Com o decorrer dos anos, o crescimento vegetativo dos seus primeiros habitantes, ajudado pela chegada de forasteiros das mais diversas regiões nordestinas – fugindo de uma seca para outra, fugindo de uma desavença, procurando lugar mais tranquilo e pacato para viver -, torna Poço Redondo um lugar de maior visibilidade, mais promissor, "andando com as próprias pernas", como diriam os moradores. Já havia o mercado, os feirantes, os caçuás cheios de um tudo, uma vida comercial que daria sustentação ao lugar.
Entretanto, tais fatores sempre foram dificultados pelas prolongadas estiagens que castigavam e ainda castigam toda a região. Entretanto, se por um lado esta triste característica sertaneja serve como sofrimento para toda a população, por outro lado é o fator sertão que beneficia historicamente o município.
Conta-se que foi Antonio Conselheiro, nas suas andanças missionárias pelo Nordeste, que abriu a estrada que dá acesso ao povoado Curralinho, às margens do São Francisco. Foi Poço Redondo o lugar que mais filhos deu ao bando de Lampião; cerca de 26 segundo os pesquisadores. E foi no seu território que a 28 de julho de 1938, na Gruta do Angico, morreram Lampião, Maria Bonita e mais nove cangaceiros. É ainda no município, nas proximidades do povoado Santa Rosa do Ermírio, que está localizado o Morro da Letra, cujas inscrições pré-históricas, em coloração avermelhada, ainda hoje não foram decifradas. Importante ainda é a Serra da Guia, com 750m de altura, na divisa com o município de Pedro Alexandre, na Bahia, e que é o ponto mais elevado do estado de Sergipe.

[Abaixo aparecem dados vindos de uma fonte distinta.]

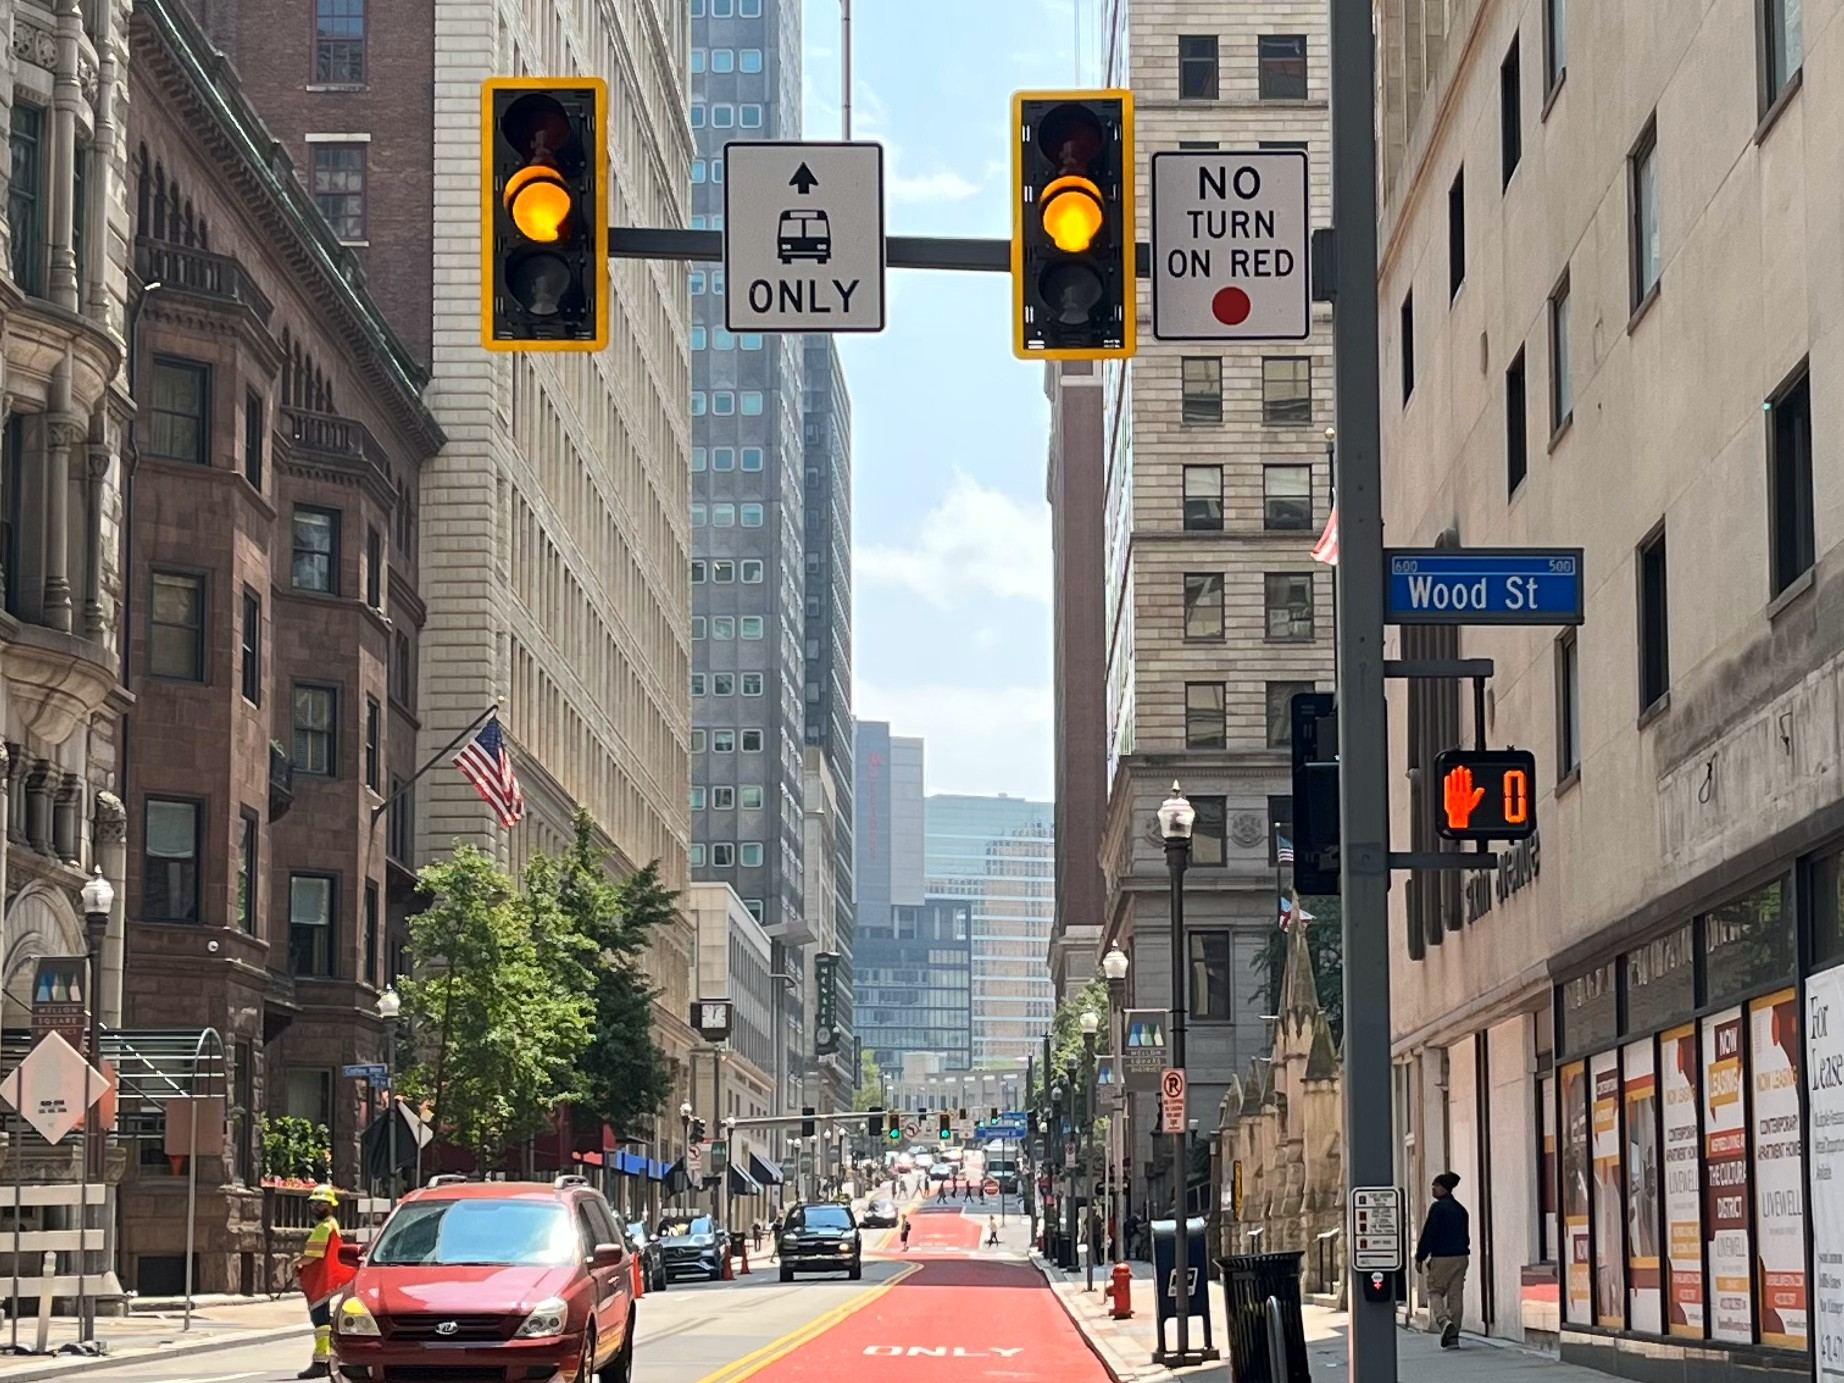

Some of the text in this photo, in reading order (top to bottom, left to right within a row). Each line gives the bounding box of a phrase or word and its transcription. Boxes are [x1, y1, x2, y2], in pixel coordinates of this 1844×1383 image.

[1199, 166, 1260, 200] NO
[1187, 210, 1274, 239] TURN
[1168, 249, 1294, 278] ON RED
[749, 279, 860, 314] ONLY
[1394, 559, 1572, 573] 600 500
[1408, 575, 1539, 609] Wood St
[1503, 770, 1527, 823] 0
[1809, 995, 1829, 1040] For
[1719, 1027, 1738, 1056] NOW
[1710, 1066, 1739, 1096] LEASING
[1812, 1047, 1843, 1091] Lease
[1708, 1165, 1720, 1186] THE
[1717, 1196, 1743, 1219] DISTRICT
[1762, 1190, 1803, 1218] LIVEWELL
[862, 1345, 1025, 1357] ONLY

Tais aspectos demonstram bem a riqueza de um sertão sofrido e a luta do seu povo para enfrentar as dificuldades. E foi graças à incrível capacidade de resistência de sua gente em busca de dias melhores que, desde a metade do século passado, todos lutavam para atingir as condições mínimas exigidas pela Lei Orgânica dos Municípios para ser elevado à categoria de cidade, o que viria a conseguir a 23 de novembro de 1953. Nesta data, Poço Redondo é elevado à categoria de cidade e sede do município do mesmo nome, desmembrado do de Porto da Folha.

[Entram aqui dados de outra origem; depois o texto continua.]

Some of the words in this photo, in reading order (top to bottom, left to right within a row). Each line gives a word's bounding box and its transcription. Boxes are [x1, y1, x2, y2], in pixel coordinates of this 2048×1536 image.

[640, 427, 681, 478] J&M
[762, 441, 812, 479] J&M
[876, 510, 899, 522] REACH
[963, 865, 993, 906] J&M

A instalação do município deu-se a 6 de fevereiro de 1956, com a posse conferida à sua Câmara de Vereadores, composta por cinco membros: Francelino dos Santos, José Emídio de Souza, Lourival Félix de Azevedo, Lucas Evangelista de Sousa e Oscar Feitosa Matos, e ao prefeito Artur Moreira de Sá, candidato pelo Partido Republicano – PR, todos eleitos em conturbado pleito a 03 de outubro de 1954.

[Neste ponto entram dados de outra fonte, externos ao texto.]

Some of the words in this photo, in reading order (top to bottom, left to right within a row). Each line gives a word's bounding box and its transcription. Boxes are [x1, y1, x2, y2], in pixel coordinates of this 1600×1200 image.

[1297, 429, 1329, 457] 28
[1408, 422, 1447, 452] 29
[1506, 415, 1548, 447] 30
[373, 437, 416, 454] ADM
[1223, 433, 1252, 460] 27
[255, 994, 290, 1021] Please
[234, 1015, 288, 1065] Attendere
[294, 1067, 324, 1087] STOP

Daí em diante, por ordem cronológica, foram eleitos os seguintes prefeitos: Eliezer Joaquim de Santa, Durval Rodrigues Rosa (quando tem o seu mandado cassado pela Revolução de 64 é substituído por Cândido Luis de Sá), Alcino Alves Costa, João Rodrigues Sobrinho (João de Durval), Alcino Alves Costa, Durval Rodrigues Rosa, Alcino Alves Costa, José Roberto de Barros Godoy, Ivan Rodrigues Rosa, Enoque Salvador de Melo, reeleito Enoque Salvador de Melo, Iziane Maria Oliveira de Alcântara Pionório e Enoque Salvador de Melo, este atual prefeito (dados acrescentados sobre os prefeitos).
Nos dias atuais, mesmo continuando com os problemas advindos com as constantes secas, Poço Redondo vai tentando superar os índices alarmantes de pobreza e analfabetismo. Contudo, somente o homem, através da educação e do trabalho, poderá reverter essa situação que comprovadamente jamais será resolvida através de promessas políticas".
Mais adiante citaremos os períodos de cada um dos prefeitos frente aos destinos da administração municipal, bem como abordaremos sobre os vereadores eleitos em cada legislatura, do mesmo modo que citaremos outros dados relacionados ao mundo político poço-redondense.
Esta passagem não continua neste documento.